Hannah Davis 10 months ago
This book is such a light in a dark conversation. Mo uses her testimony to shine light for those who have been kept in darkness from shame. God is glorified throughout this entire read. I have never heard sex be described in a way where I could understand how it is used as an act of worship inside a marriage. Your life will be changed from reading this book! It is about time that we had this conversation!
Madeleine_Przybyl 10 months ago
Mo speaks up in this powerful book about a topic the world desensitizes and the church often ignores. A topic debated from one extreme to another, between freedom of choice and a list of dos and don'ts that many times finds us sitting on the fence, paralyzed in to silence. A topic that has us wandering in the midst of wondering what God truly imagined when he created man and woman and invited them into a sexual relationship. A topic that affects so many in secret and binds a sin-struggled soul with loneliness and darkness. Mo refuses to be silent and provides a clear picture of God's intention for sex. She dives deeper in to the whys that have bound us and offers practical advice rooted in the Truth to begin to break those chains. She boldly shares her testimony in a raw and honest way that brings the sin-struggle out of the darkness and in to the light. To the foot of the cross, where God's redemption can be found. Where a wandering heart can find peace. Where a broken heart can find joy. Where a lonely heart can find love. Where sex isn't hushed into silence, but redefined through the eyes of the God who created it. Regardless of your relationship status or your own testimony, Sex, Jesus, and the Conversations the Church Forgot will speak to you and guide you to a better understanding of your identity in Christ and the grace and mercy He offers us ever day.
summer_no9 10 months ago
This book was a beautiful writing and compelling to read with also inspires courage and challenging us to finding that in fact, we find the courage to surrender our sexual struggles to God and allow Him to transform our mess into a message and our tests into a testimony, to embarrassing and this time to begin reclaiming sex for the glory of God. It’s time to invite Jesus back into the bedroom and start conversation that the church forgot. This book will explain and give us to learn into the roots of why God cares so deeply about sex and be reminded that sex begins with the condition of our own hearts. I highly recommend to everyone must to read this book. “I received complimentary a copy of this book from Baker Books Bloggers for this review”.

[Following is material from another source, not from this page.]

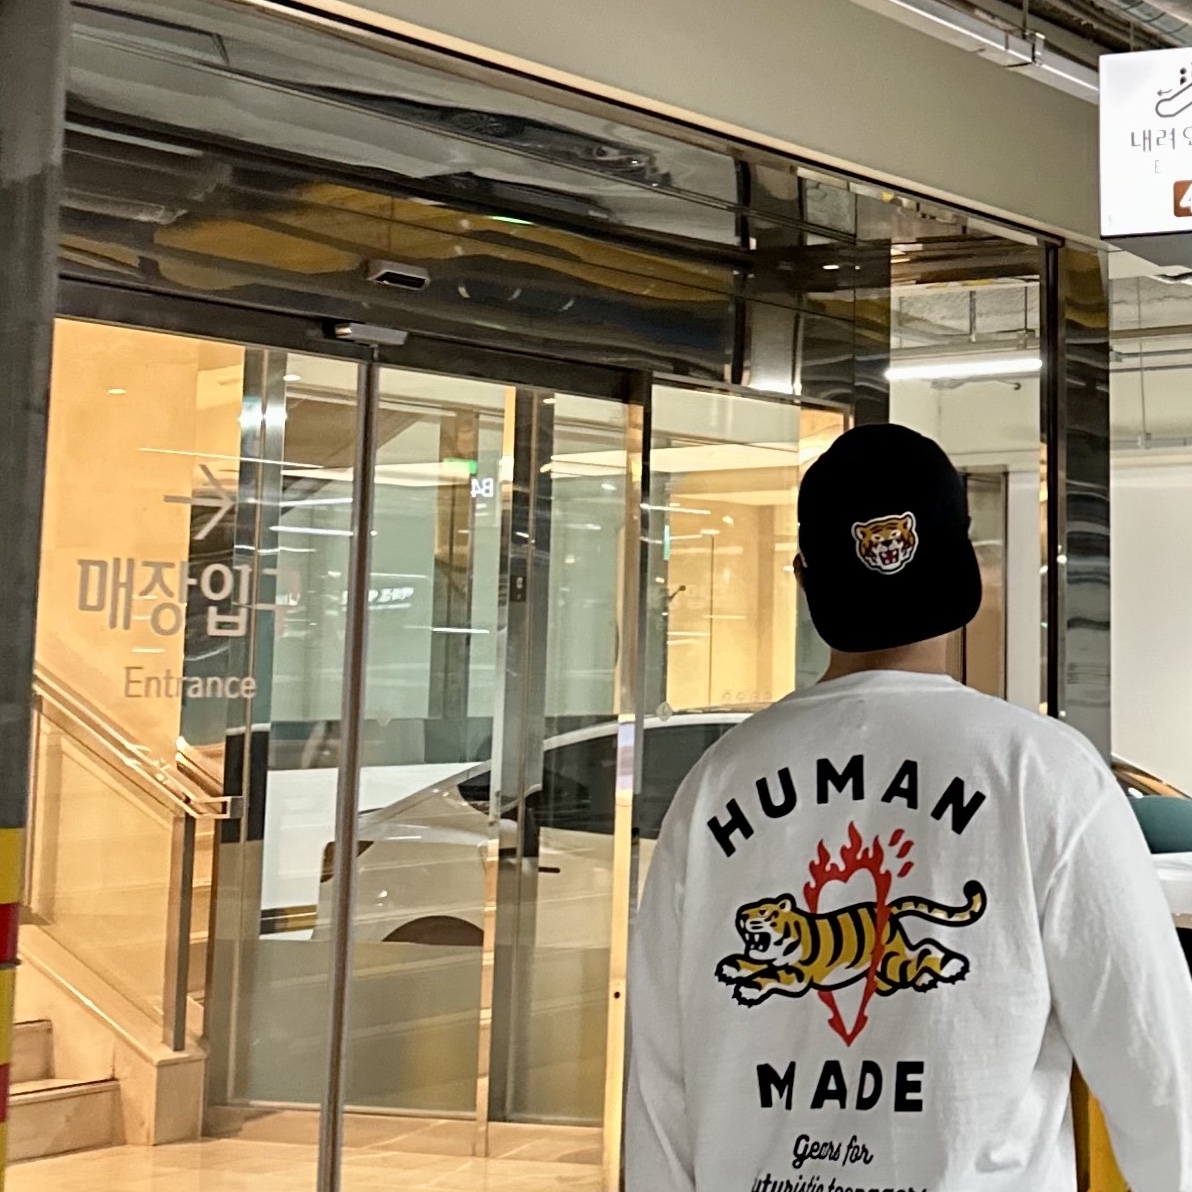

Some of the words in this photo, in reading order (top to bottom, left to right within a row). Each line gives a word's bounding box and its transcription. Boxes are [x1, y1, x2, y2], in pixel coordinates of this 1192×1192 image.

Katie Cordova 10 months ago
I feel at peace with my past, and closer to Christ... I truly wish I would have had this book years ago! It gets to the heart issues behind sex, and is bringing light to the fact that these conversations aren’t being had within or outside the church. There is plenty of scripture imbedded in this book to stand in truth. It is evident that these words are God-breathed words written through Mo Isom. It brought up points that speak to my past, present, and my future. Ultimately it made me pick up my bible and really study the word of God to bring him back into the conversation of sex. It truly is a MUST READ for teens, young adults, parents, grandparents, everyone!!
Anonymous 10 months ago
“You were fearfully and wonderfully made first.” In a world that is screaming at us to the way intimacy, sexuality, love and God should exists in our lives, Mo Isom screams her testimony and the truth right back. In a world that is hurt and spiritually bleeding, Mo shows us where her healing came from, and most importantly where our healing can come from. She preaches the teachings of Christ and how she came to her own testimony of Sex and Jesus all while guiding us in the same way. She equips us with the Word of how to scream back and gain our own testimony of the sacredness of sex, the importance of purity and the role of Christ in our lives. I am so changed by this book. It made me want to pick up my Bible and understand God better. It is a book for every age in ever circumstance. If you are looking for a start in a journey of better understanding your worth, in the middle of your journey to aligning your sexuality with God, or you just plain need more Jesus in your life, then pick up this book and get ready to have your mind enlightened and your heart full. God is real.
Hannah Kimbrough 11 months ago
THIS BOOK, YOU GUYS. I am so convicted. As someone who hasn't read a book that wasn't for college in a few years, I wanted my first "for fun" book to MEAN something. Mo Isom shares so much truth as she digs deeper into the "conversations the church forgot" - promiscuity, sexuality, and the perversion of something that was given to us as a GIFT from God. She answers the hard questions and calls out the church for skirting around a subject that needs to be talked about. If you struggle with sin addictions and ties, this is 100% the book for you. Read this to be convicted and to definitely ugly cry.
Anonymous 11 months ago
If I had this book 10 or 15 years ago, I cannot imagine how different things could have been. As one of many who grew up with the “True Love Waits” campaign, I am amazed at how this book goes so far beyond “wait until you are married” and gives you a glimpse at God’s heart for us. Sex, Jesus and the Conversations the Church Forgot opens to door to dialogue about a complex, and sometimes awkward topic through Mo’s honest and transparent testimony. This book is a must-read for young women, old women, single women, married women, women who struggle with sexual sin, women who have never struggled with sexual sin, athletic women, artsy women, women who love coffee…you get the picture. Not to mention, for all the men in the lives of all those women. This book is for EVERYONE. I pray that through this book, Mo’s words, and God’s truth, a generation of women would be saved from the mistakes and hurts so many have experienced.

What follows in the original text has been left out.